An exhibit of Chinese artist and dissident Ai Weiwei currently on at the Multimedia Art Museum provides an intimate, and sometimes uncomfortably close, look at the artist's time in America through a series of black and whites, taken from a collection of more than 10,000 photographs.
In recent years, Ai has become famous, not only for his art, which includes work on the Beijing National Stadium for the 2008 Olympic Games, but also for his political activism. He is currently forbidden from leaving China because of his social and political activism, and in 2011, he was one of four runners-up for Time magazine's 100 Most Influential People list in 2011.
However, this exhibit transports viewers some 30 years back to a time when Ai was a "nobody" who took classes at the Parson's School of Design and the Art Students League of New York, his camera always with him at the ready.
"At that time, very few people could go outside of China," said Christophe Mao, the exhibit's curator and the director of Three Shadows Photography Art Centre in Beijing. Ai's exposure to the diversity of New York City uniquely shaped the artist's ideas and designs in a way that sets him apart from his Chinese contemporaries, Mao said.
His time with alternative thinkers, such as Allen Ginsberg and the Chinese writers Gu Cheng and Bei Dao offer hints at why Ai became the artist-
advocate he is today.
Olga Sviblova, the director of the Moscow House of Photography, cites "Profile of Duchamp, Sunflower Seeds (1983)" as an example of how the ties of Ai's early days in New York played out in his later art. The photograph is of a coat hanger, reformed in the profile of Duchamp's face and filled with seeds. Nearly 30 years later, in 2010, Ai installed a work entitled "Sunflower Seeds" at the Tate Modern Turbine Hall in London.
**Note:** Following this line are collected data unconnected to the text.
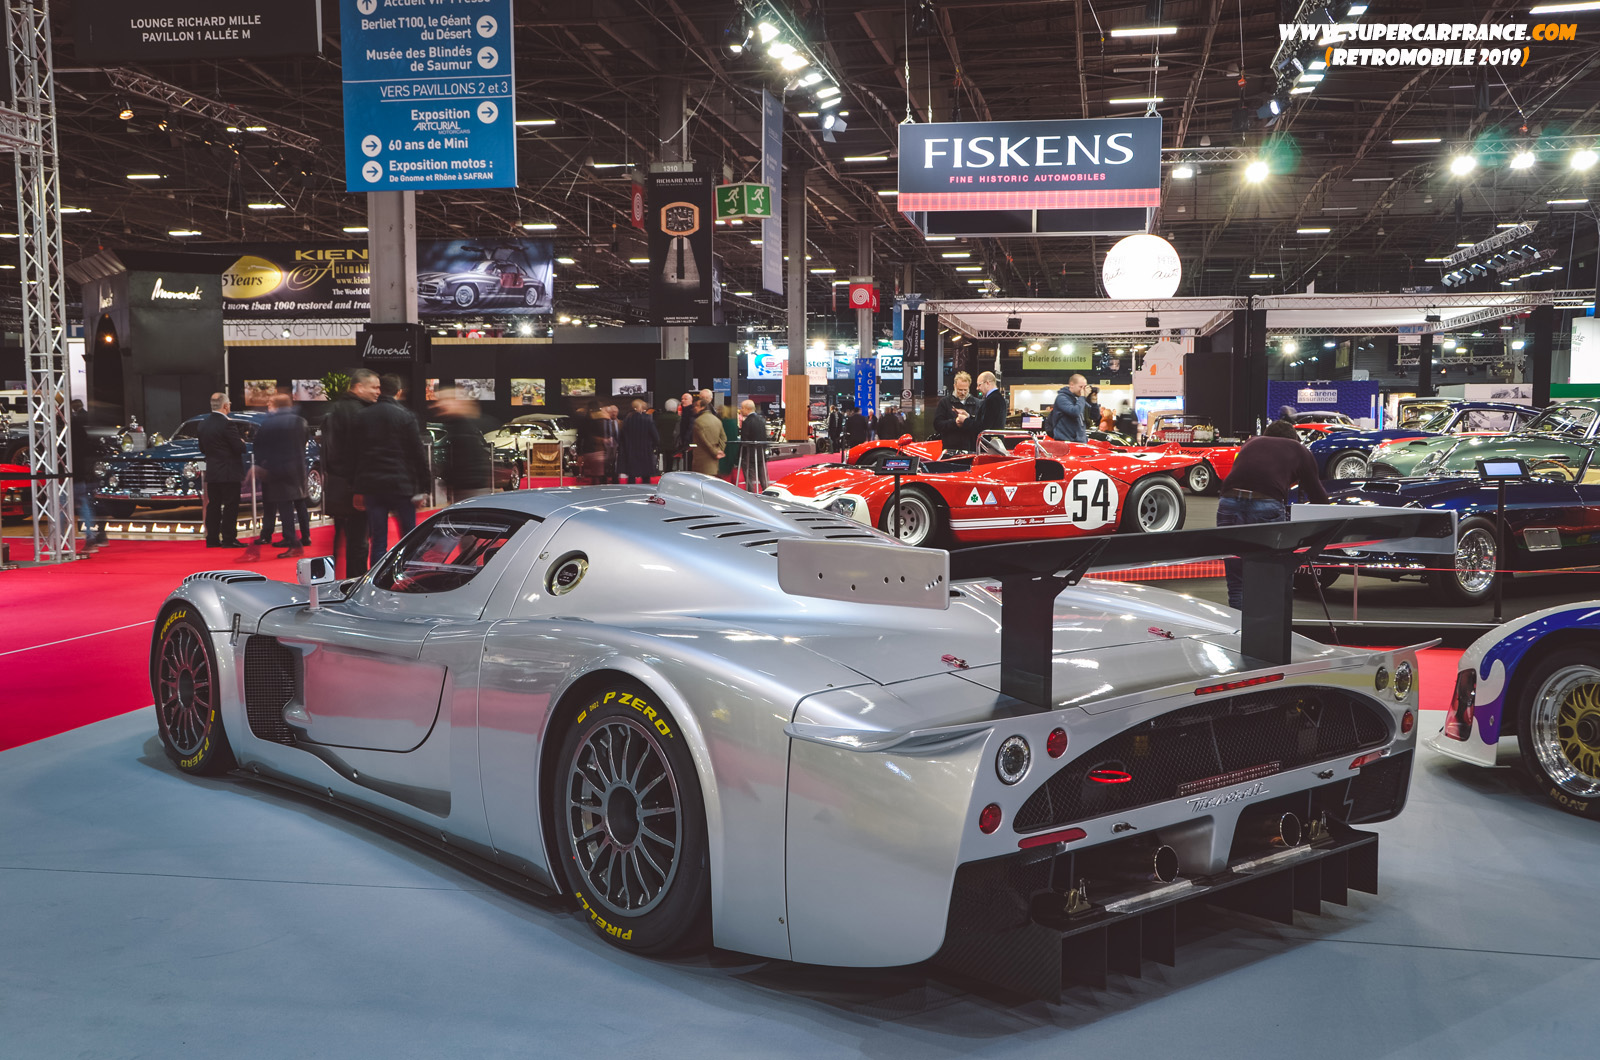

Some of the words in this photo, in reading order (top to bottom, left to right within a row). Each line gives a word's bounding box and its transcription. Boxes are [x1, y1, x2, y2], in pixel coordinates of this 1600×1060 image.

[131, 18, 174, 28] LOUNGE
[177, 16, 226, 27] RICHARD
[229, 15, 261, 25] MILLE
[361, 18, 396, 30] Berliet
[399, 16, 426, 29] T100,
[428, 16, 438, 27] le
[440, 14, 471, 27] Géant
[142, 31, 194, 42] PAVILLON
[197, 31, 202, 40] 1
[205, 28, 239, 40] ALLÉE
[242, 29, 251, 39] M
[421, 30, 434, 40] du
[436, 28, 472, 40] Désert
[366, 48, 402, 60] Musée
[406, 47, 426, 59] des
[429, 45, 472, 58] Blindés
[410, 61, 424, 72] de
[427, 60, 472, 71] Saumur
[380, 85, 410, 98] VERS
[413, 83, 476, 96] PAVILLONS
[478, 82, 485, 94] 2
[488, 82, 499, 94] et
[501, 81, 508, 93] 3
[411, 109, 470, 123] Exposition
[413, 121, 461, 131] ARTCURIAL
[388, 139, 402, 151] 60
[405, 139, 425, 150] ans
[427, 138, 441, 150] de
[444, 137, 469, 149] Mini
[924, 133, 1134, 168] FISKENS
[389, 159, 448, 173] Exposition
[451, 158, 486, 170] motos
[389, 174, 399, 182] De
[400, 174, 425, 182] Gnome
[434, 172, 456, 181] Rhône
[458, 171, 462, 180] à
[463, 172, 494, 180] SAFRAN
[979, 175, 1029, 183] HISTORIC
[1034, 173, 1106, 182] AUTOMOBILES
[151, 277, 203, 301] Movendi
[228, 303, 249, 311] more
[251, 301, 271, 310] than
[274, 301, 295, 310] 1000
[297, 301, 333, 310] restored
[335, 301, 351, 310] and
[363, 334, 411, 357] Movendi
[1050, 486, 1057, 502] P
[1072, 478, 1110, 522] 54
[603, 691, 616, 704] P
[618, 692, 671, 736] ZERO
[1186, 781, 1270, 813] Maserati
[575, 891, 633, 940] PIRELLI
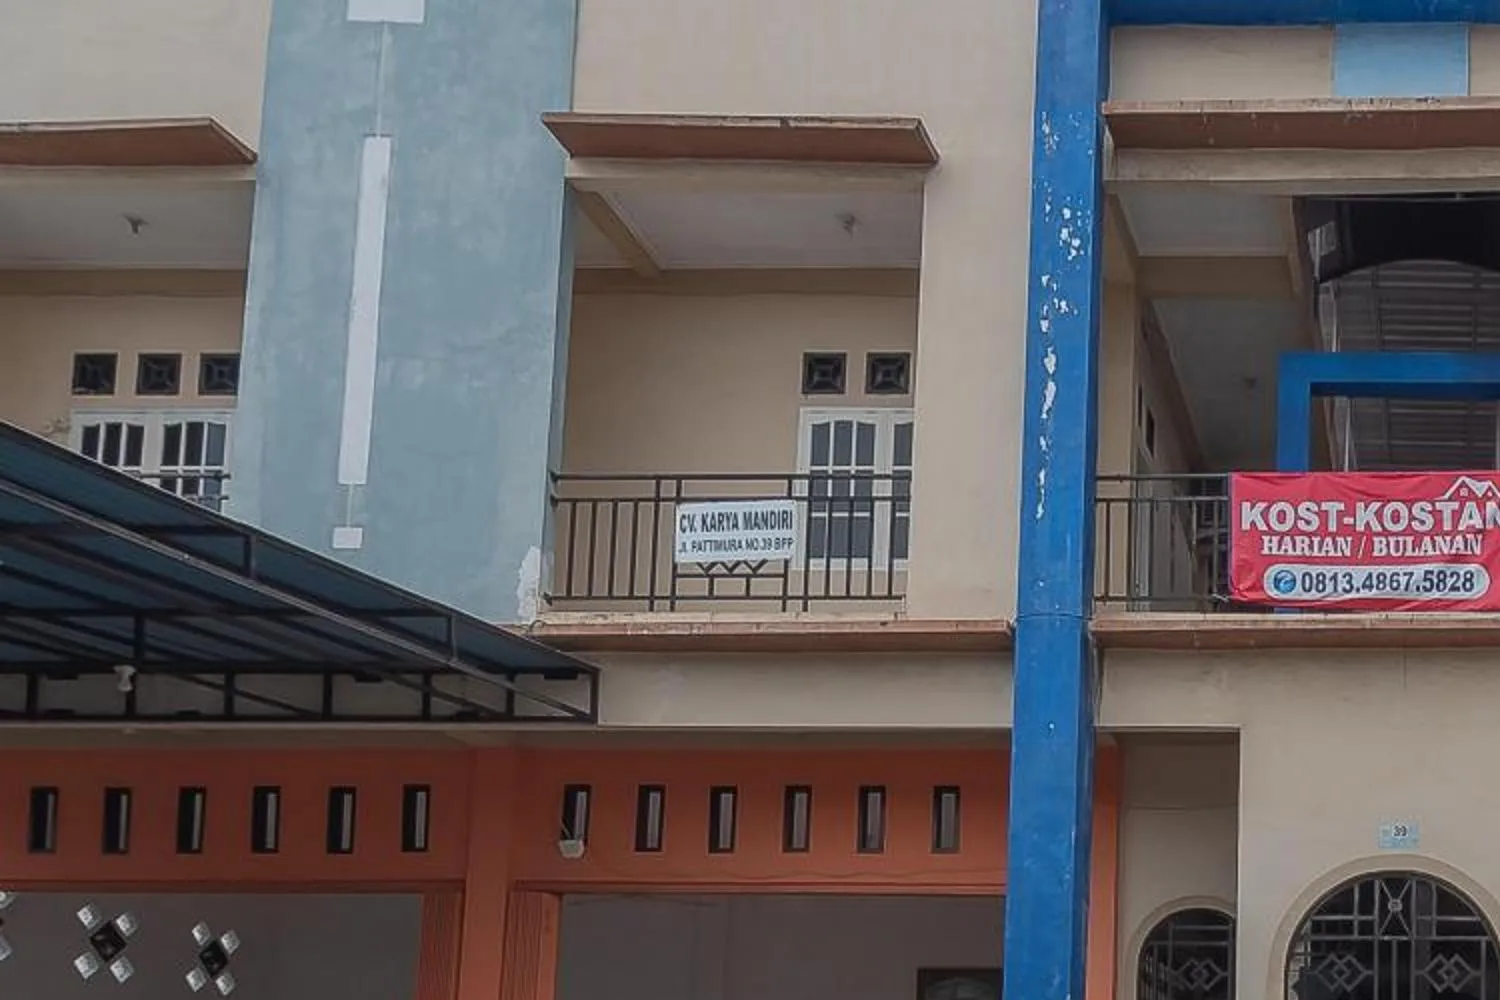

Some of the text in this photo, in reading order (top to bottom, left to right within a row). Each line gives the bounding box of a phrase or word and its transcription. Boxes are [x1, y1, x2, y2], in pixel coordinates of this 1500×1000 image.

[701, 511, 739, 532] KARYA
[743, 509, 793, 531] MANDIRI
[1261, 535, 1353, 557] HARIAN
[1372, 534, 1483, 557] BULANAN
[1300, 569, 1475, 594] 0813.4867.5828
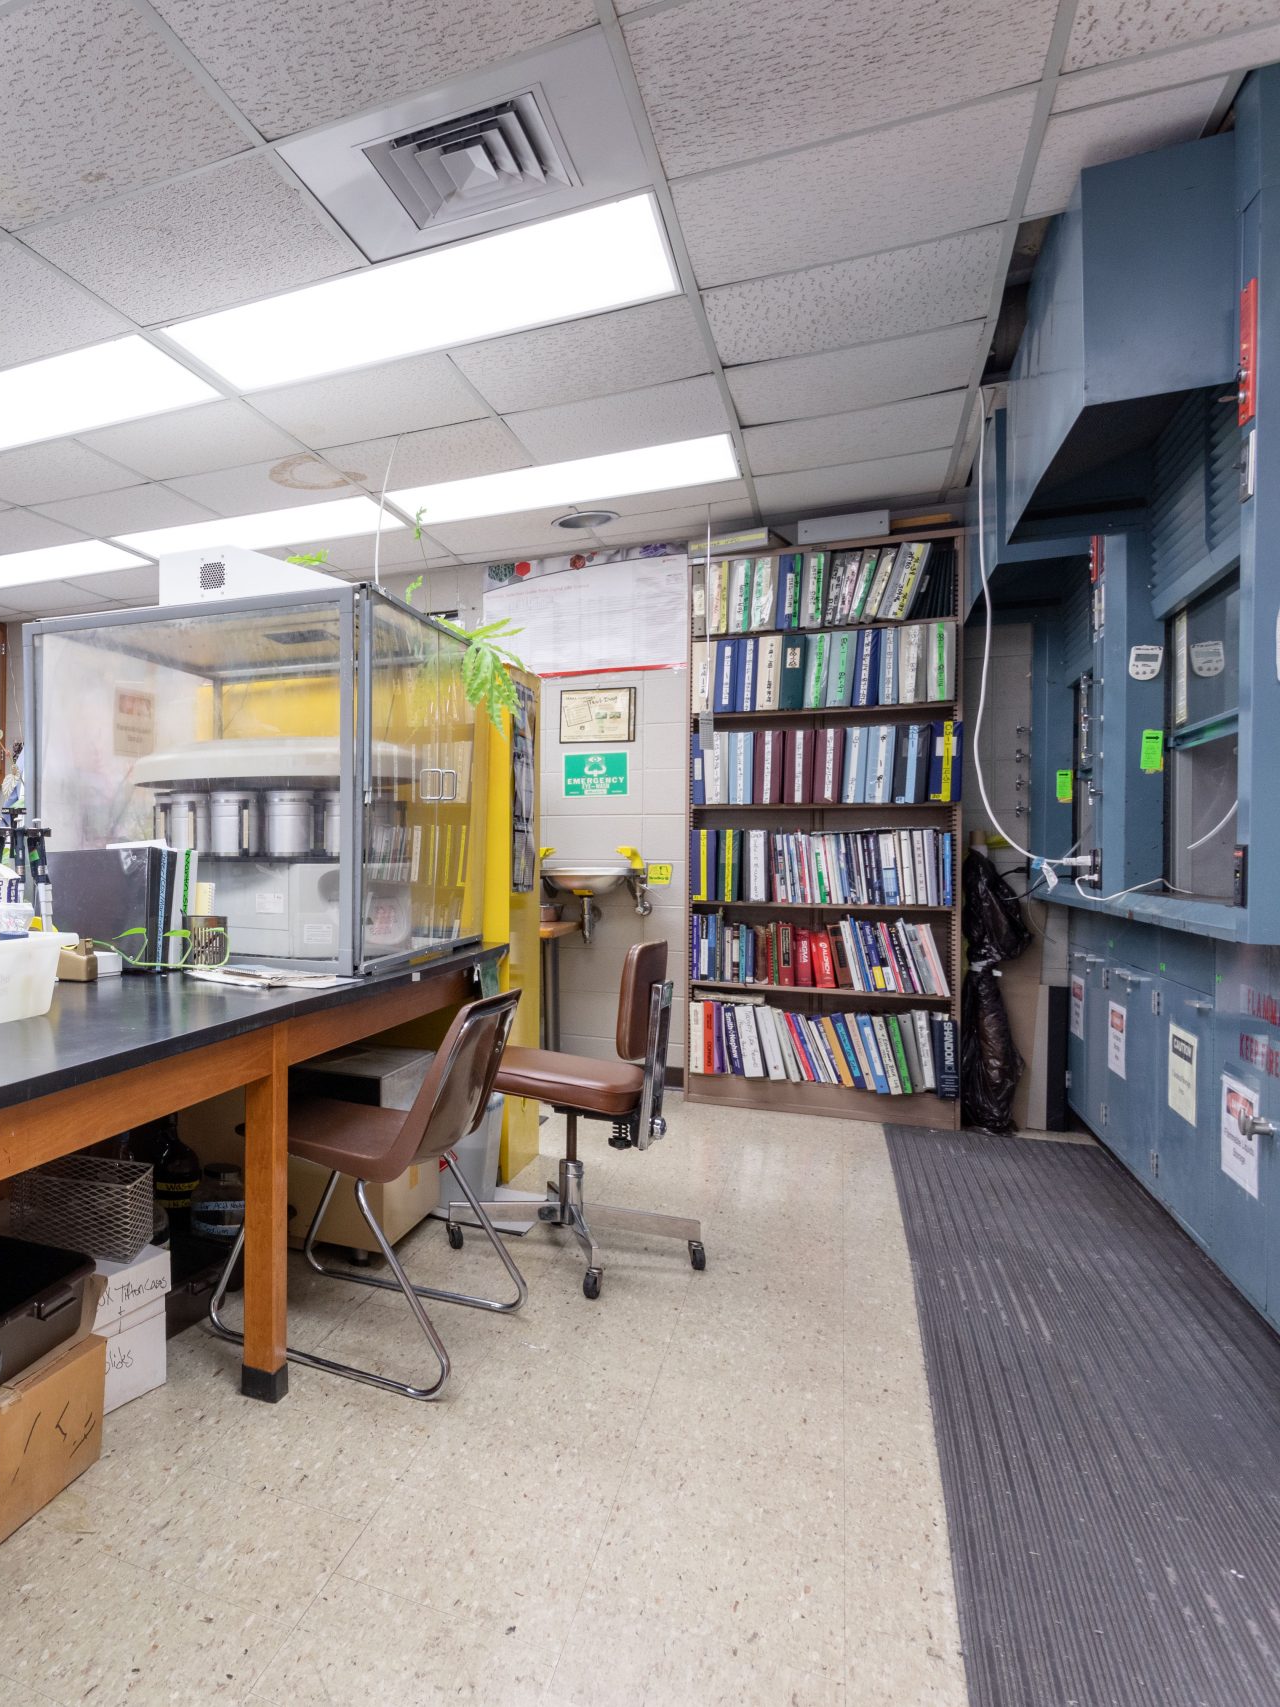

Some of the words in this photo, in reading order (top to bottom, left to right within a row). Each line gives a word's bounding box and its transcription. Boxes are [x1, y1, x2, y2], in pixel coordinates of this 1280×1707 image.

[567, 776, 625, 785] EMERGENCY
[801, 940, 809, 963] SIGMA
[821, 948, 831, 975] ALDRICH
[725, 1012, 734, 1030] Smith
[729, 1034, 739, 1059] Nephew
[943, 1021, 955, 1065] SHANDON
"It [the exhibit] is unbelievably sincere and striking," Sviblova said. "It [the series of photographs] is truly an amazing history … in which you can see how Ai moved from closed artist communities and gradually enters into New York City."
The exhibit displays snapshots of Ai's friends, not only in respectable portrait settings, but also lying in freshly wrinkled beds, or in barely there underwear.
Ai in no way preserves himself from the scrutiny of the camera. Nude self-portraits show an unabashed desire to view everything from a different perspective.
Ai took on the streets of New York with this same unbridled curiosity. Photographs of the AIDS rights protests from the late 1980s reveal a New York on the cusp of social change and a young artist's eagerness to take a
front-row seat in history.
However, Ai said the exhibit was not spurred on by feelings of nostalgia. He wrote in material accompanying the exhibit that he accepts that the New York neighborhoods he once knew have changed: Their former residents have died, or moved, and the society he called home for 10 years has disappeared.
"I feel that there is a certain strangeness in them, rather than a familiarity," he wrote of his photographs. "In the end, they are all part of a different reality than that of my own existence."